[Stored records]
====================
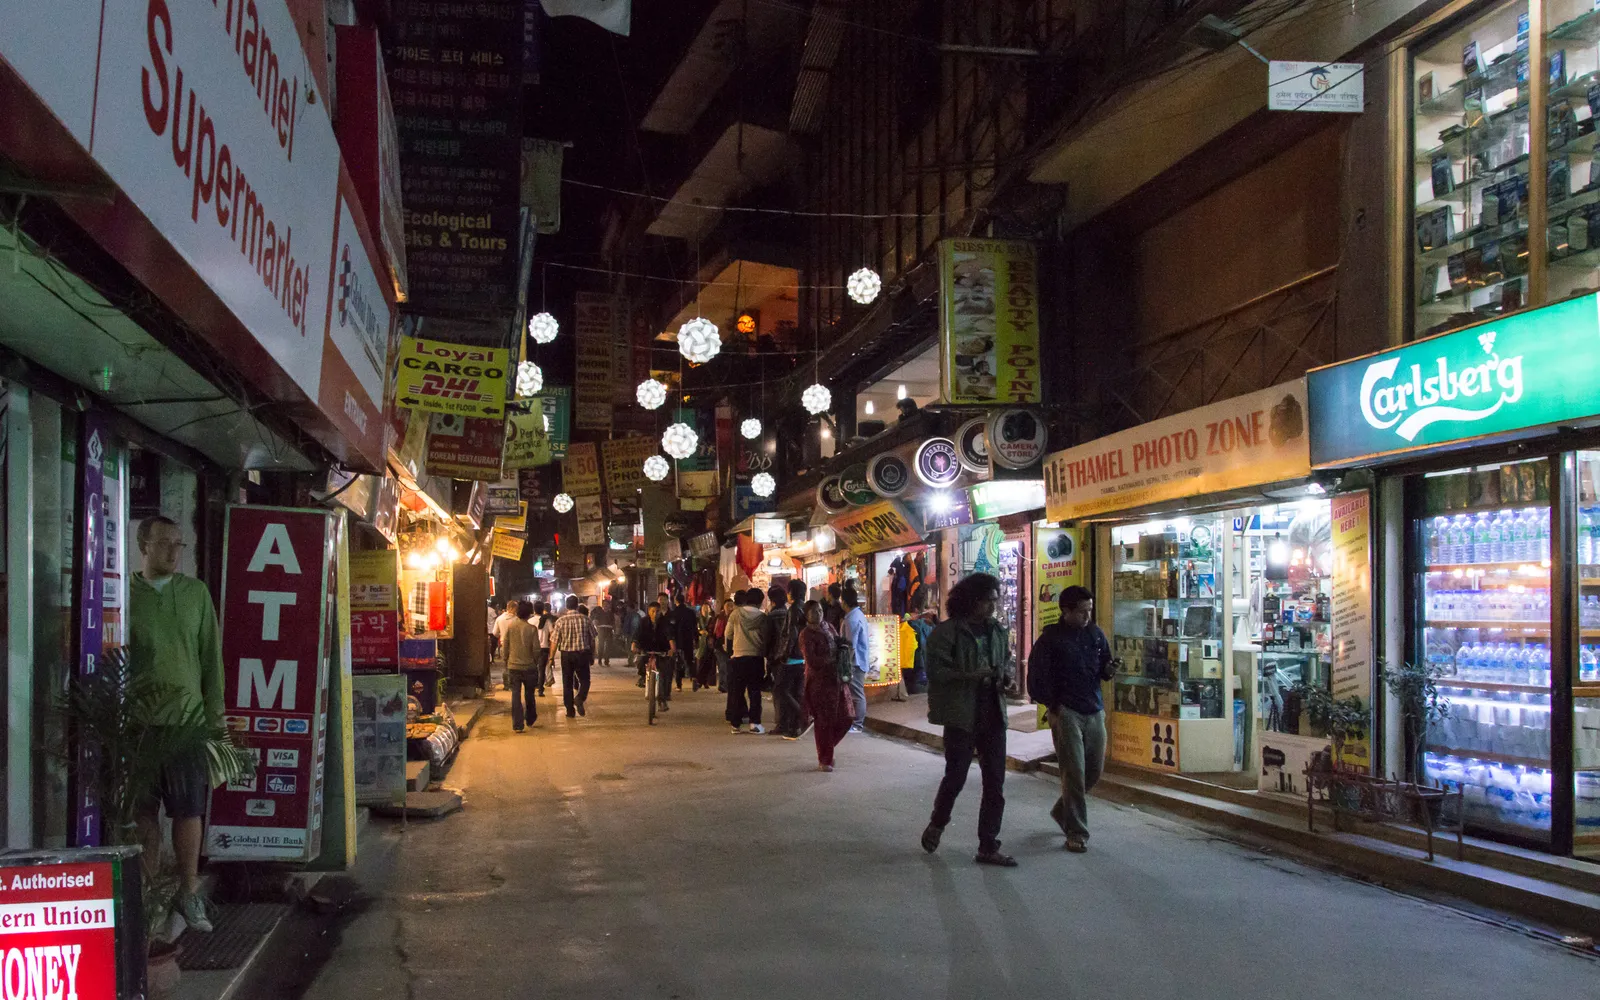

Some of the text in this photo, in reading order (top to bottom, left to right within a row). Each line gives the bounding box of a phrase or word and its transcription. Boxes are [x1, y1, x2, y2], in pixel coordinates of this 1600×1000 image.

[440, 50, 464, 65] 포터
[470, 52, 505, 66] 서비스
[141, 0, 310, 338] Supermarket
[402, 208, 492, 231] Ecological
[439, 231, 452, 248] &
[458, 232, 509, 250] Tours
[954, 241, 1004, 253] SIESTA
[415, 341, 494, 362] Loyal
[403, 357, 503, 379] CARGO
[1006, 344, 1036, 405] POINT
[420, 373, 482, 401] DHL
[1360, 352, 1524, 430] Carlsberg
[456, 403, 477, 412] FLOOR
[1000, 442, 1039, 451] CAMERA
[1006, 450, 1033, 458] STORE
[1067, 447, 1129, 489] THAMEL
[1132, 427, 1199, 474] PHOTO
[1205, 409, 1269, 456] ZONE
[429, 451, 456, 462] KOREAN
[457, 453, 500, 465] RESTAURANT
[611, 457, 643, 470] E-MAI
[613, 470, 645, 482] PHO
[1333, 495, 1367, 520] AVAILABLE
[843, 511, 910, 546] OCTOPUS
[1041, 560, 1077, 570] CAMERA
[1045, 569, 1073, 579] STORE
[237, 522, 302, 711] ATM
[273, 751, 295, 761] VISA
[275, 783, 295, 793] PLUS
[233, 835, 304, 846] Global IME Bank
[11, 870, 94, 891] Authorised
[0, 905, 107, 929] ern Union
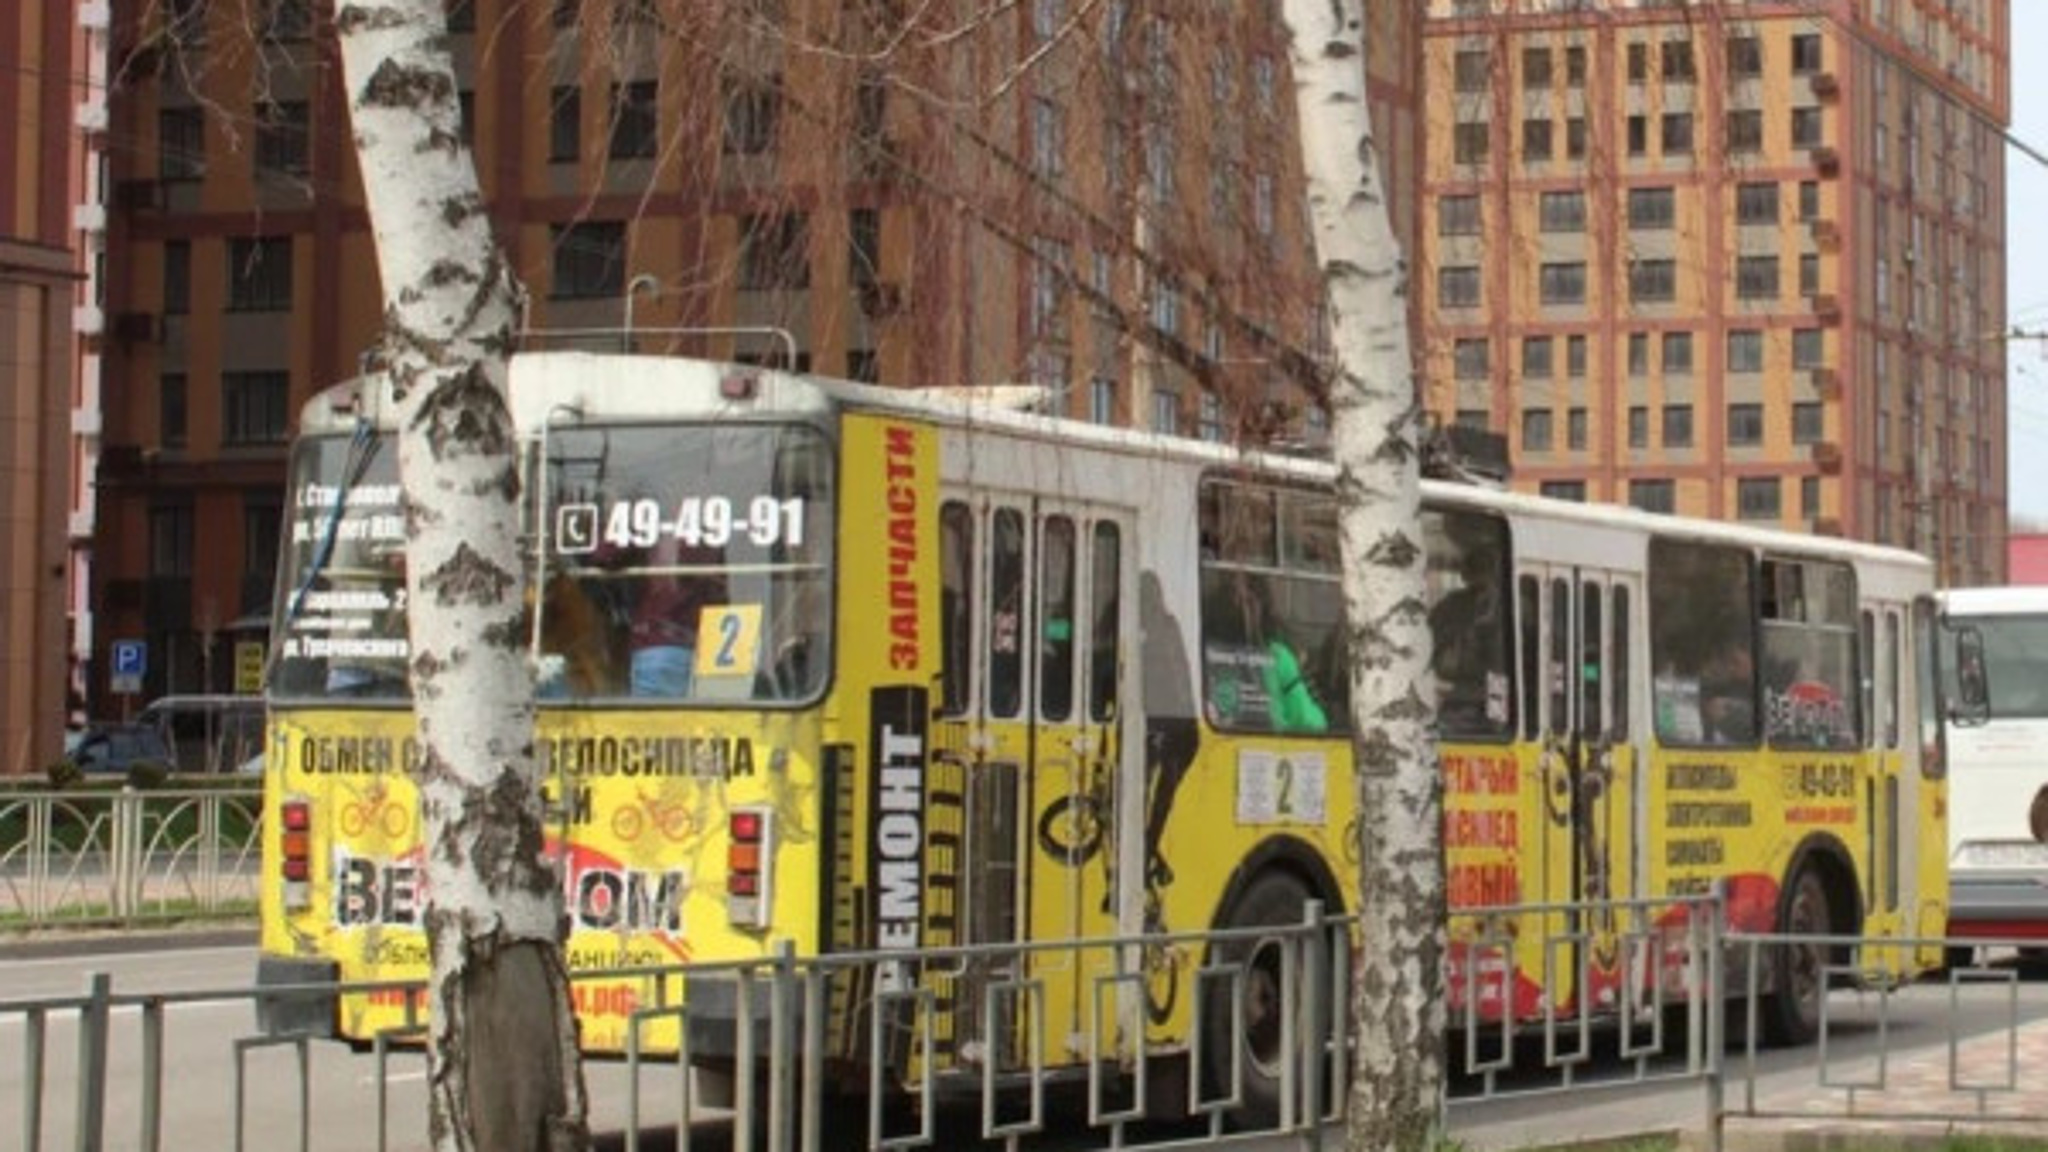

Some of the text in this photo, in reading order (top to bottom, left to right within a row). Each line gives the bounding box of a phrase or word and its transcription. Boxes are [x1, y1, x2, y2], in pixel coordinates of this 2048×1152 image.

[605, 496, 804, 547] 49-49-91
[885, 427, 918, 671] ЗАПЧАСТИ
[119, 645, 138, 671] P
[715, 613, 741, 668] 2
[300, 735, 394, 775] ОБМЕН
[1276, 757, 1295, 815] 2
====================
Exercise details -
Please print exactly the lines from the one containing "this 2048×1152 image." through the last line of the records, both included, and nothing else.

Written reply -
Some of the text in this photo, in reading order (top to bottom, left to right within a row). Each line gives the bounding box of a phrase or word and its transcription. Boxes are [x1, y1, x2, y2], in pixel coordinates of this 2048×1152 image.

[605, 496, 804, 547] 49-49-91
[885, 427, 918, 671] ЗАПЧАСТИ
[119, 645, 138, 671] P
[715, 613, 741, 668] 2
[300, 735, 394, 775] ОБМЕН
[1276, 757, 1295, 815] 2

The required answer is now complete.